It is all the more important, therefore, that there should be regular contact between leaders and scholars of the different faiths. Good neighbourly relations are also important as they reduce the chances of misunderstanding.
So what can Christians say about this sad event? The first thing to say quite clearly is that mindless violence, murder and barbarity must be condemmed by all right-thinking people of whatever faith and background.
It is particularly horrifying that the United Nations' peace-keeping and developmental operations have been attacked and its personnel killed or injured in the most blood-curdling manner. While it is welcome news that the UN has agreed not to pull-out from Afghanistan ( at least for the time being ), these actions have attempted to destroy the work of an agency that is charged by the international community to maintain order in such a dangerous world.
Secondly, the importance of freedom of speech must be upheld in any society, with claims to being free, and also for the sake of a free world. People should be prepared to disagree, even disagree strongly, with each other and there must be room for vigorous debate and discussion.
People of different faiths need to learn how to take criticism of their faith from others, to respond to this with words and not brick-bats and to be self-critical of themselves and their own tradition.
At the same time, the media and others should develop conventions of respect for people's beliefs, which may constitute an aspect of their own identity. Not everything can be settled by law and this should be restricted, in line with international protocols, to prevent incitement to hatred which can lead to violence or discrimination against individuals or groups, in, other words, which is a threat to public order. This, by the way, may be an approach to prevent future madness in the USA hiding behind free speech legislation.
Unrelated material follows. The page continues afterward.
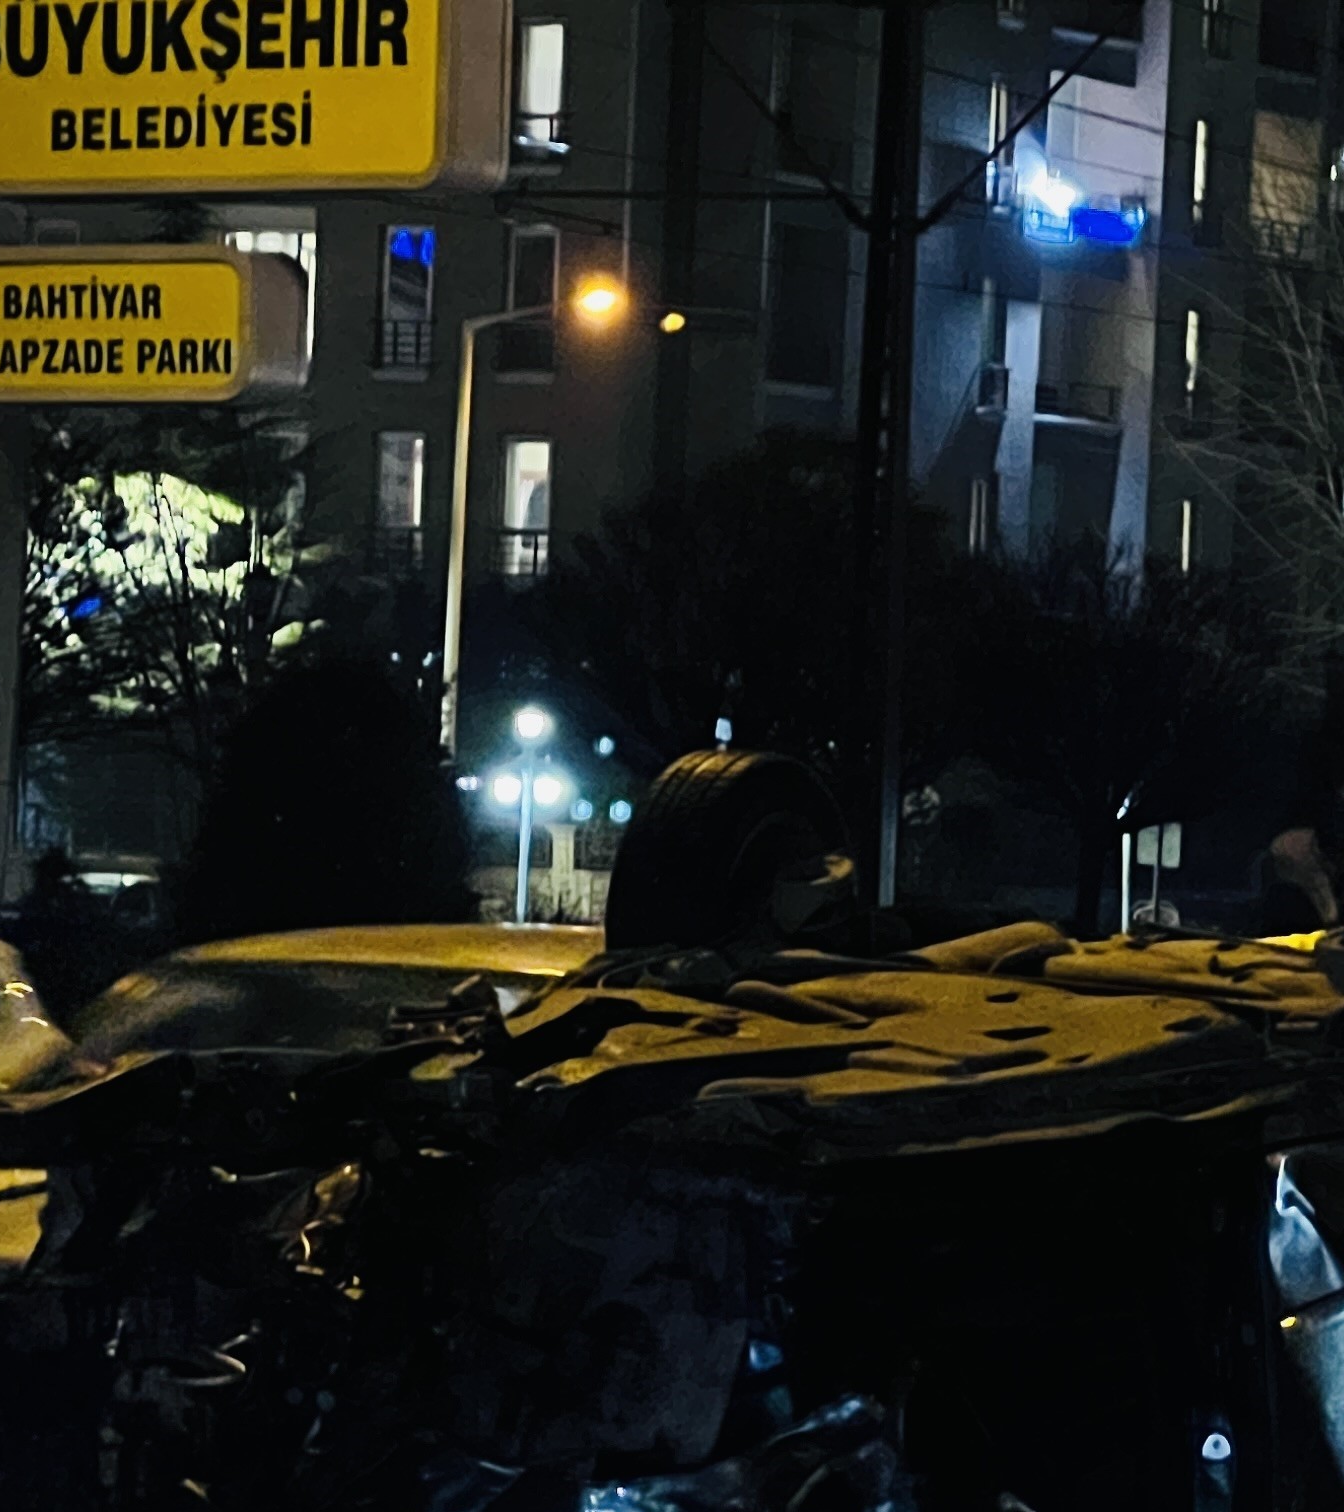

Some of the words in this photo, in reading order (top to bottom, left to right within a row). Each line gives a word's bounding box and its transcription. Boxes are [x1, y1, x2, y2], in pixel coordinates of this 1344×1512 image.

Wisdom, restraint and charity can take us a long way even, and perhaps especially, when we disagree strongly with one another.
It is no part of Christian belief or practice to insult other people and what is dear to them. We seek faithfully to commend the good news of God in Jesus Christ. We aim to do this with love and respect for everyone, inviting them to respond to that love which is at the heart of the universe and which gives each one of us the value which cannot be taken away.
As far as Muslims are concerned, for the sake of the Gospel we must love them. We respect their beliefs, even when we strongly disagree with them and believe things about the nature and will of God which are radically different from those of Islam.
We seek the freedom to preach and to practice our faith, with sensitivity but also with a firm commitment to the truth. Where extremist Islamist ideology prevents such freedom, we must struggle against it and, particularly, to protect our sisters and brothers who may be suffering because of this, and other, totalitarian ideologies. We need to do this by promoting dialogue among people of different faiths, by advocacy of people under pressure with their own governments, especially with reference to how the law, in a particular country, deals with fundamental freedoms, and also in international fora and through the work of voluntary agencies.
I have heard and read of this tragic event with great sadness. In the past, I have warned that a deed of this kind would create a deadly backlash against Christians, churches and international relief and development workers. This has now happened. Christians should immediately distance themselves from such madness and any that follow it. Governments have a duty to uphold freedom but also the public order which makes it possible. All along we bring the Gospel of peace, rconciliation and freedom to a needy world, praying that those engaged in doing this will be protected by the mighty hand of God: Father, Son and Holy Spirit.